Reproduce the records below in full and exactly, without their images.
Records for the task START
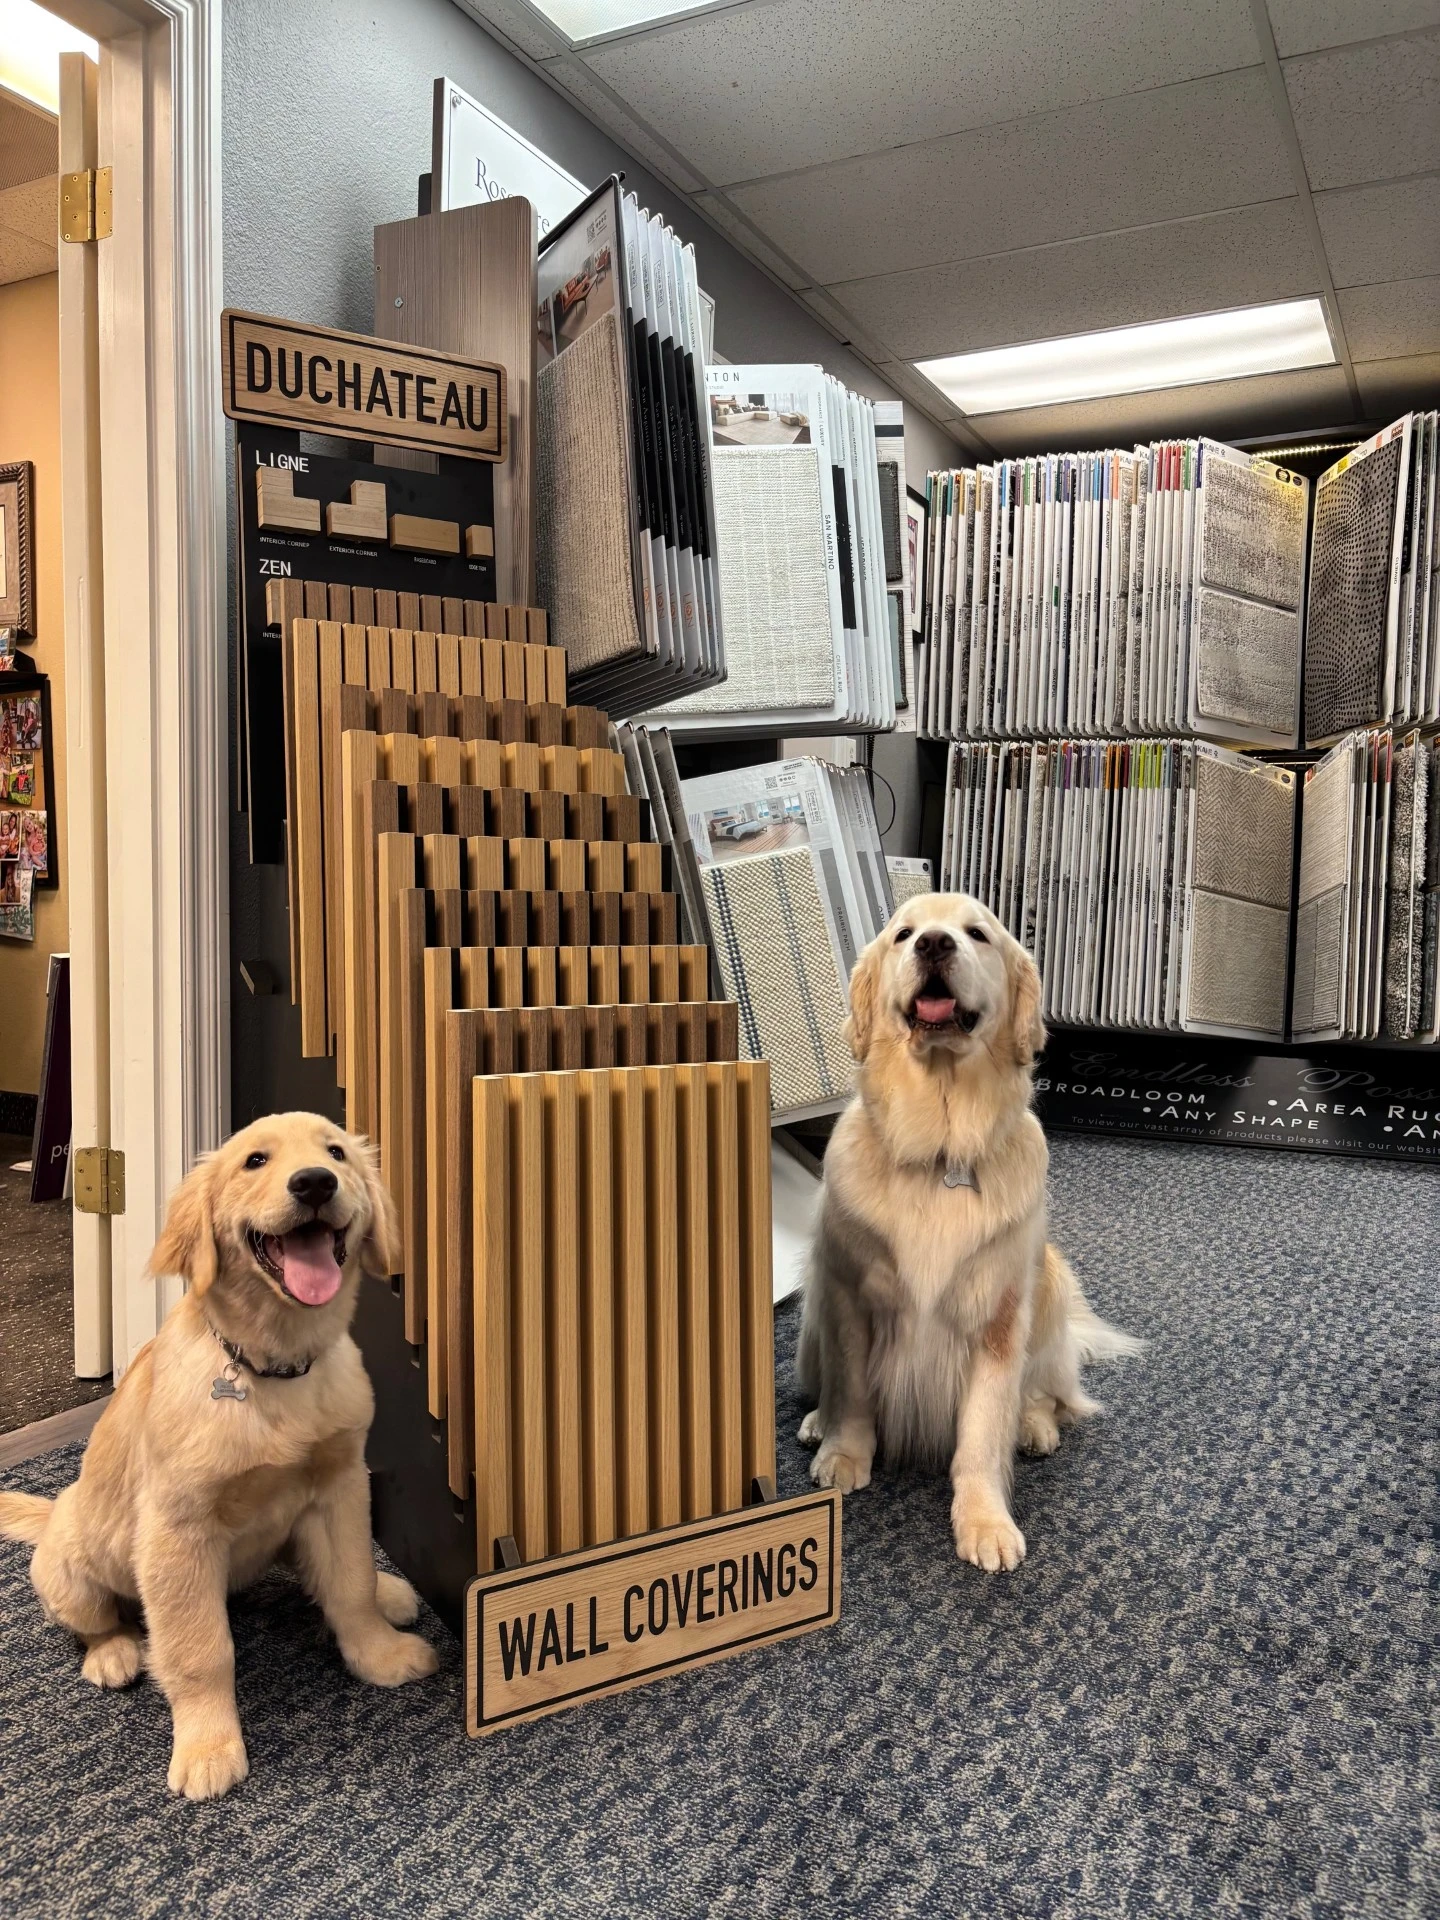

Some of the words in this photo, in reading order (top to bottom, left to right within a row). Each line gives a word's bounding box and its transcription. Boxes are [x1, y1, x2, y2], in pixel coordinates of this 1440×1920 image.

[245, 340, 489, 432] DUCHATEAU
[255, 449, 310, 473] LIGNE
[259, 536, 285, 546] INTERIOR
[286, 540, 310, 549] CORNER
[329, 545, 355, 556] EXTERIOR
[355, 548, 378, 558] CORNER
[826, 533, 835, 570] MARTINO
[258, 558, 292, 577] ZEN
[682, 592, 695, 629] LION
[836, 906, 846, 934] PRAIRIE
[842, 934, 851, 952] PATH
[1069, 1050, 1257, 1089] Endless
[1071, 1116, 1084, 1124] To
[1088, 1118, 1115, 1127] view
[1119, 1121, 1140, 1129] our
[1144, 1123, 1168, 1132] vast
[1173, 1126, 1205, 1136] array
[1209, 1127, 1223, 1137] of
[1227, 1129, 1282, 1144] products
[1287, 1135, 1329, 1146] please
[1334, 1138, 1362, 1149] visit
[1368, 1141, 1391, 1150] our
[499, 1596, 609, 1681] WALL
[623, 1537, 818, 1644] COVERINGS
Records for the task END
→ **Completed exercise**:
Some of the words in this photo, in reading order (top to bottom, left to right within a row). Each line gives a word's bounding box and its transcription. Boxes are [x1, y1, x2, y2], in pixel coordinates of this 1440×1920 image.

[245, 340, 489, 432] DUCHATEAU
[255, 449, 310, 473] LIGNE
[259, 536, 285, 546] INTERIOR
[286, 540, 310, 549] CORNER
[329, 545, 355, 556] EXTERIOR
[355, 548, 378, 558] CORNER
[826, 533, 835, 570] MARTINO
[258, 558, 292, 577] ZEN
[682, 592, 695, 629] LION
[836, 906, 846, 934] PRAIRIE
[842, 934, 851, 952] PATH
[1069, 1050, 1257, 1089] Endless
[1071, 1116, 1084, 1124] To
[1088, 1118, 1115, 1127] view
[1119, 1121, 1140, 1129] our
[1144, 1123, 1168, 1132] vast
[1173, 1126, 1205, 1136] array
[1209, 1127, 1223, 1137] of
[1227, 1129, 1282, 1144] products
[1287, 1135, 1329, 1146] please
[1334, 1138, 1362, 1149] visit
[1368, 1141, 1391, 1150] our
[499, 1596, 609, 1681] WALL
[623, 1537, 818, 1644] COVERINGS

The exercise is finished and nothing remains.